```diff
+ The following section provides an opportunity for the student to create a classifier model from scratch, and then modify it to improve performance.
```

In [None]:
from sklearn import datasets, neighbors, metrics, grid_search, cross_validation
import pandas as pd
import seaborn as sns
import matplotlib.pyplot as plt

%matplotlib inline

In [None]:
iris = datasets.load_iris()
irisdf = pd.DataFrame(iris.data, columns=iris.feature_names)
irisdf['target'] = iris.target
cmap = {0:'r', 1:'g', 2:'b' }
irisdf['ctarget'] = irisdf.target.apply(lambda x: cmap[x])
irisdf.plot('petal length (cm)', 'petal width (cm)', kind='scatter', c=irisdf.ctarget)
print(irisdf.describe())

def my_classifier(row):
    if row['petal length (cm)'] < 2:
        return 0
    else:
        return 1

predictions = irisdf.apply(my_classifier, axis=1)

In [None]:
irisdf['predictions'] = predictions

print(float(len(irisdf[irisdf.target == irisdf.predictions])) / len(irisdf))


### Starter Code

Work on improving the classifier below.

In [None]:
def my_classifier(row):
    if row['petal length (cm)'] < 2:
        return 0
    else:
        return 2

predictions = irisdf.apply(my_classifier, axis=1)

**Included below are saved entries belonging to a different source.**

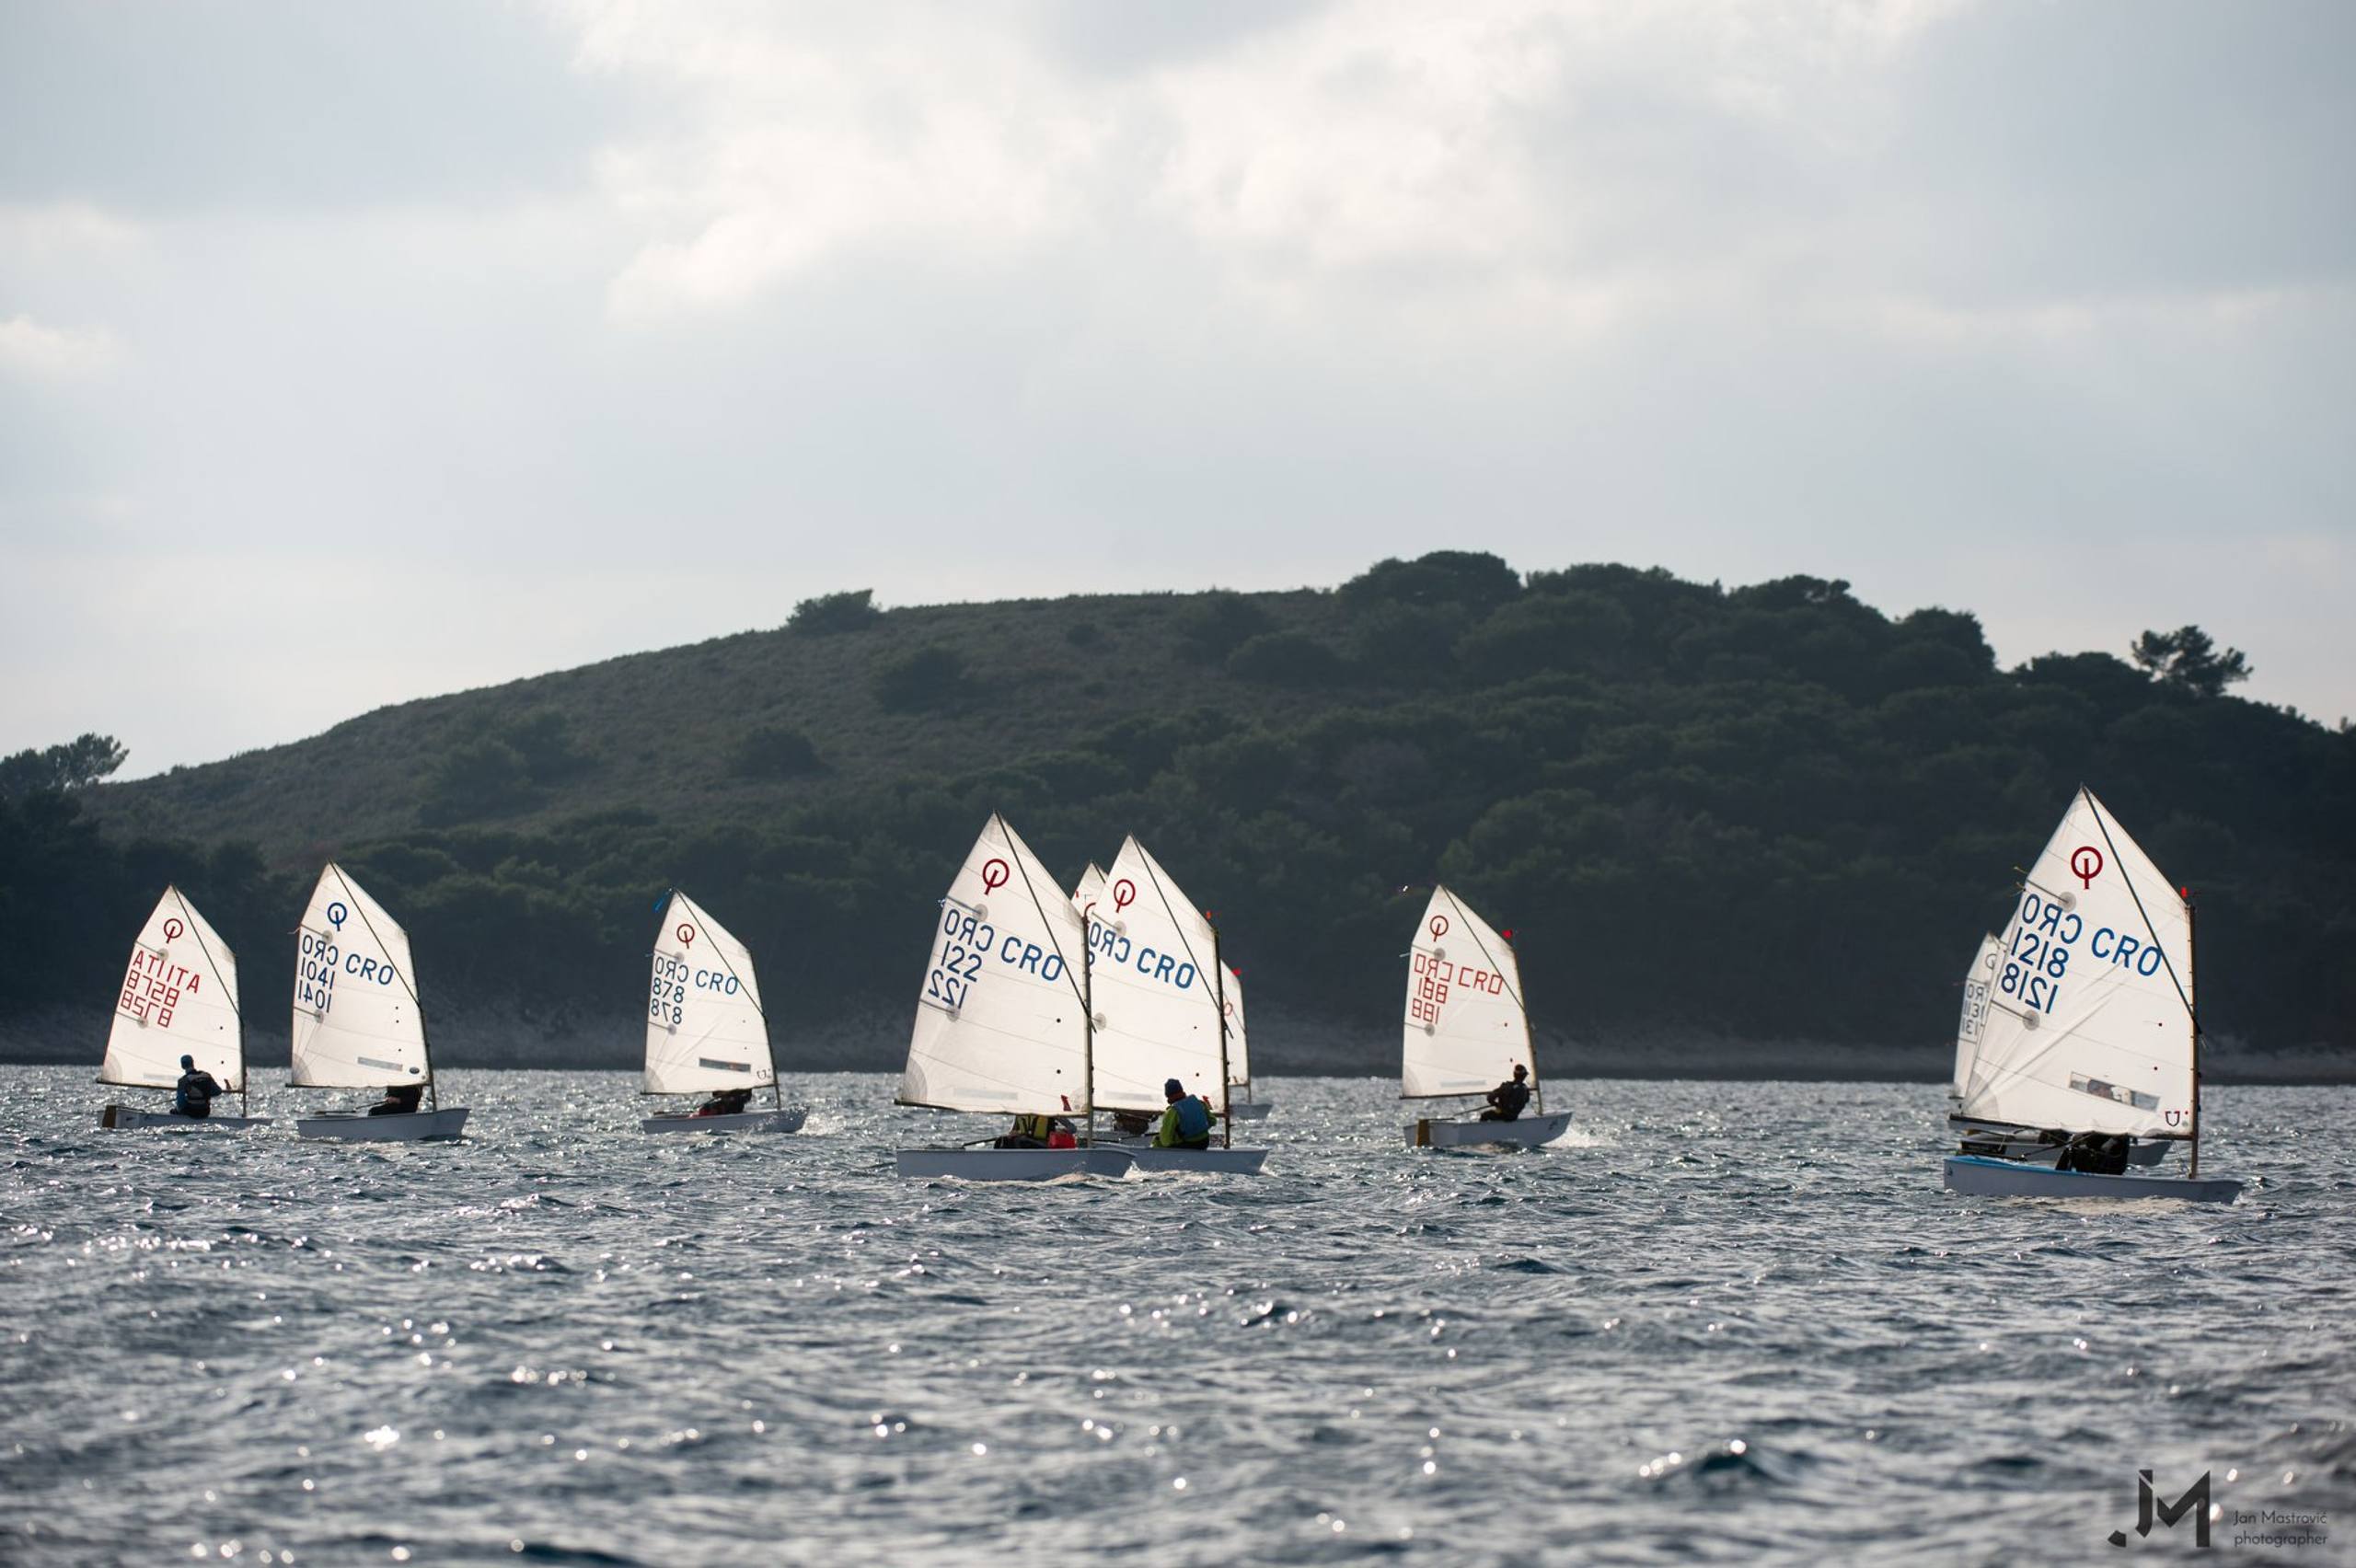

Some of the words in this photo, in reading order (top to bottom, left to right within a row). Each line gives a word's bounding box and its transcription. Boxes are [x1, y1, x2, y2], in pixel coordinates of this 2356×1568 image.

[941, 940, 983, 983] 122
[1000, 936, 1064, 981] CRO
[1137, 947, 1195, 989] CRO
[2011, 927, 2069, 978] 1218
[2091, 927, 2163, 976] CRO
[167, 965, 200, 994] ITA
[301, 957, 335, 990] 1041
[345, 953, 394, 986] CRO
[696, 969, 738, 995] CRO
[1458, 966, 1503, 996] CRO
[126, 969, 180, 1008] 8728
[653, 977, 685, 1003] 878
[1417, 976, 1448, 1004] 188

irisdf['predictions'] = predictions

print(float(len(irisdf[irisdf.target == irisdf.predictions])) / len(irisdf))


### Using distance: KNN implementation

```diff
+ The following section provides an opportunity for the student to implement an existing sklearn model - KNN, and then try adjusting its parameters.
```

In [None]:
iris = datasets.load_iris()
x_train,x_test,y_train,y_test = cross_validation.train_test_split(iris.data,iris.target,test_size=0.3)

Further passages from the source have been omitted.